Hi,
This might sound weird but here is what I am trying to do.
I have a library foo.so which has functions bar1() and bar2(). This library is at /usr/lib/
I have implemented a system call called sys_mysyscall(). Inside this call I have a socket server running using raw sockets to which a client can connect from another machine and pass some information. The information is the name of the function which it wants to run on this machine as a thread.
So when the system call gets the name of the function (say) bar1 from the client, it needs to create a thread based on the bar1() function in foo.so using clone().
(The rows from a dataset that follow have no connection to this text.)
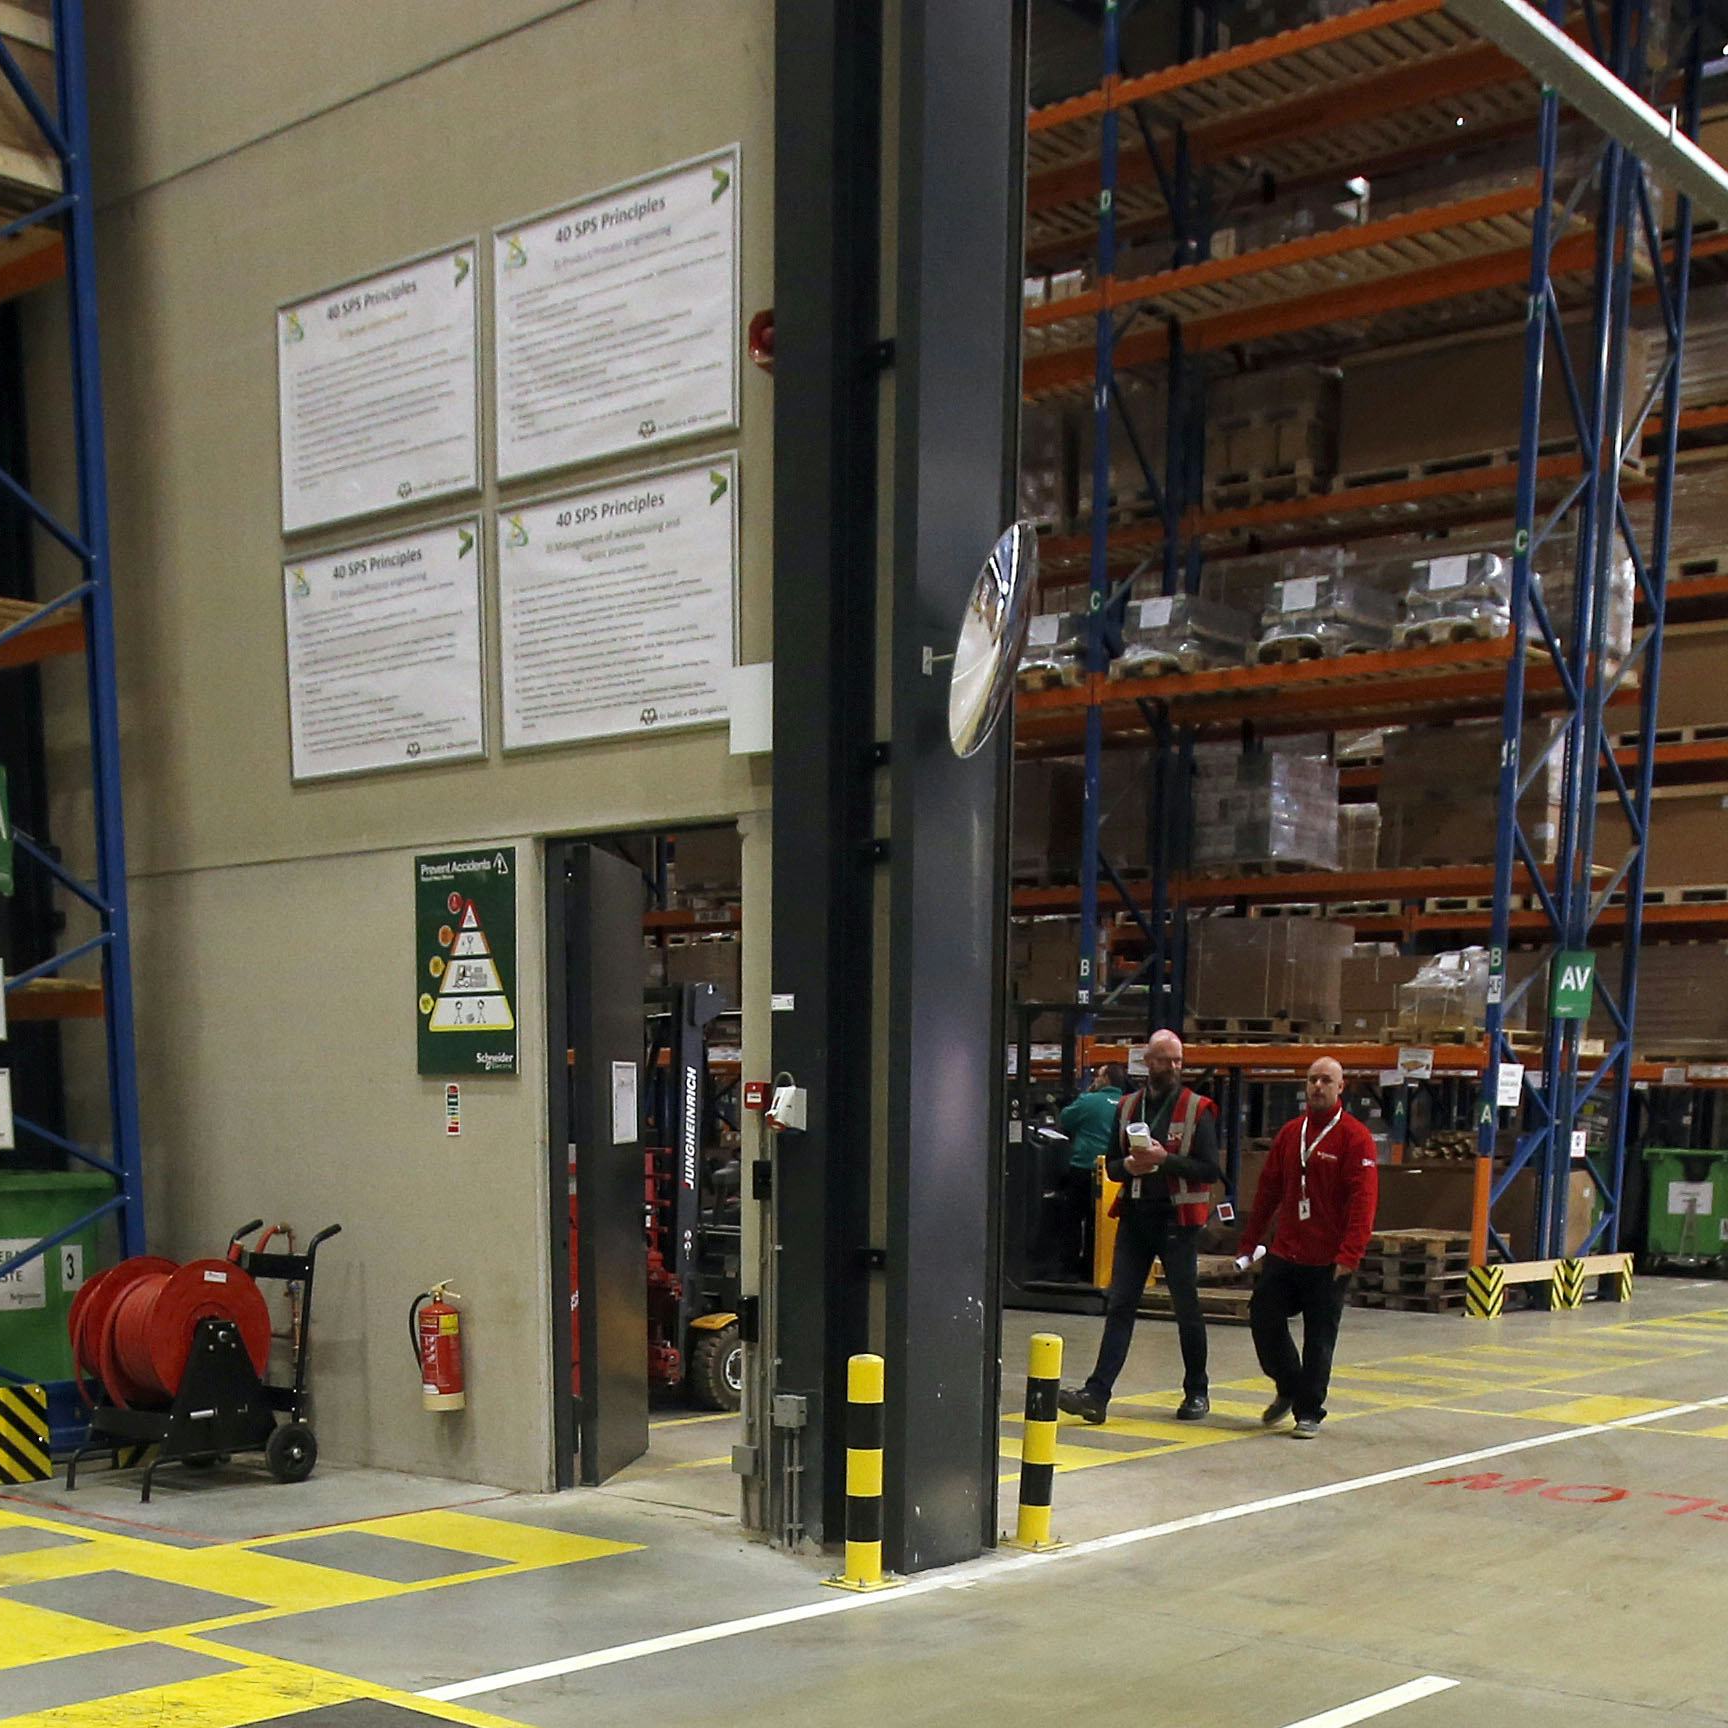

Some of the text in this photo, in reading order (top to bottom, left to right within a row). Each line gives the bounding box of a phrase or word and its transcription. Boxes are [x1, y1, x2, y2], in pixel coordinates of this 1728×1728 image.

[556, 197, 665, 243] 40 SPS Principles
[364, 280, 416, 307] Principles
[556, 492, 665, 528] 40 SPS Principles
[1515, 530, 1528, 551] C
[333, 549, 421, 579] 40 SPS Principles
[421, 858, 491, 876] Prevent Accidents
[1080, 959, 1090, 977] B
[1491, 948, 1501, 967] B
[1560, 964, 1591, 992] AV
[476, 1051, 514, 1064] Schneider
[1481, 1104, 1492, 1124] A
[685, 1066, 697, 1190] JUNGHEINRICH
[65, 1253, 75, 1280] 3
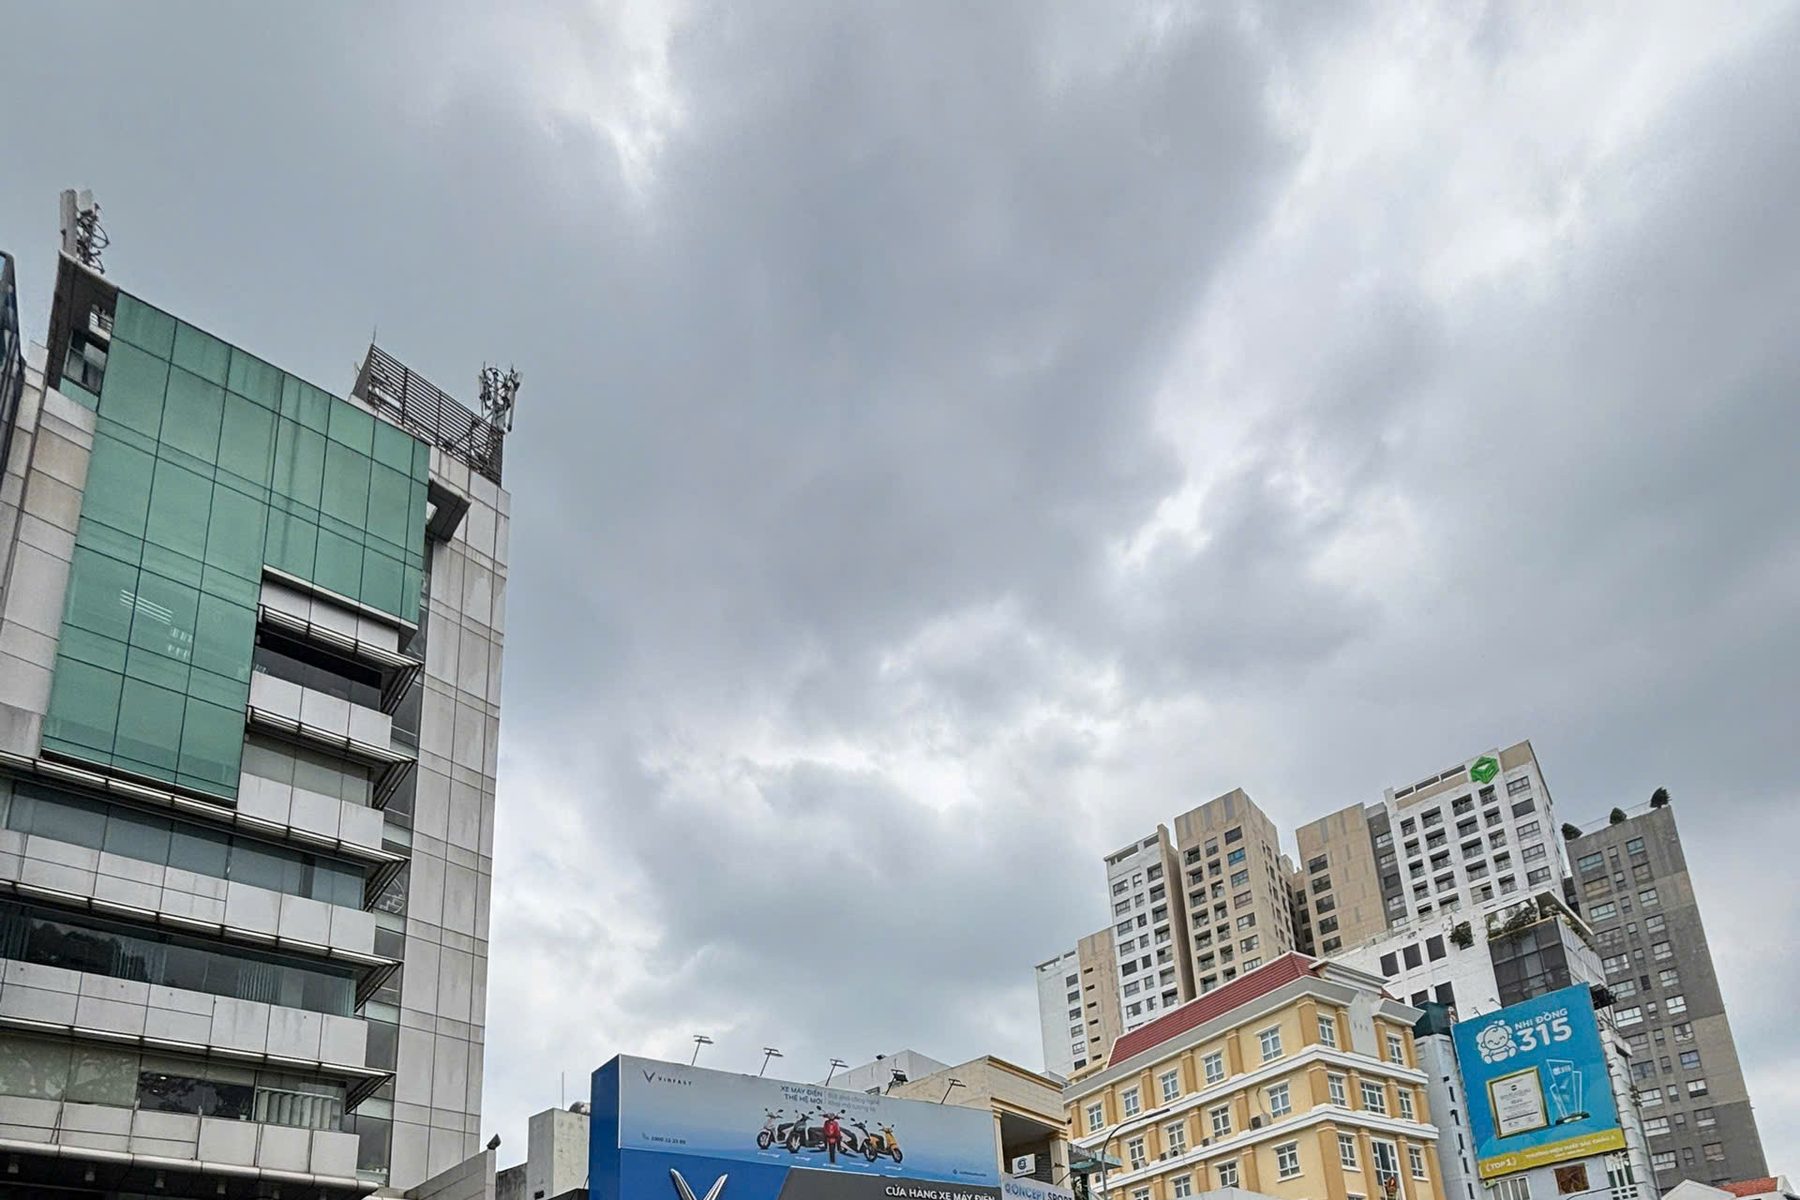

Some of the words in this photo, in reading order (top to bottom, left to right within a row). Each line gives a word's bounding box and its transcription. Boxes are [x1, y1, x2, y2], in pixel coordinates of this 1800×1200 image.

Is it possible to access the foo.so which is in /usr/lib and load the function bar1() as a thread from within the system call?
Thanks,
- Gary
No. You need to load foo.so
No. You need to load foo.so ahead of time with an insmod command.
since when are libraries loaded with insmod?
Since when are libraries loaded with insmod?
using dlopen
I want to know if this would work instead.
Have a service that loads foo.so using dlopen() and then get the pointers to the functions using dlsym(). Then create a system calls sys_register_service() which would take the function pointer and a const char *name. The kernel would create a service table with the name and function pointer.
Have a kernel thread that implements a socket server using raw sockets and waits for client. Client connect and pass the name of the function that they want to invoke. The kernel thread looks at the service table and based on the name, gets the function pointer and creates a threads and runs it!
I understand that we can create kernel thread using the kernel_thread call but then there is also sys_clone() and the do_fork() that is used to create threads. How can I create a thread using the do_fork () based on the function pointer that I have now found?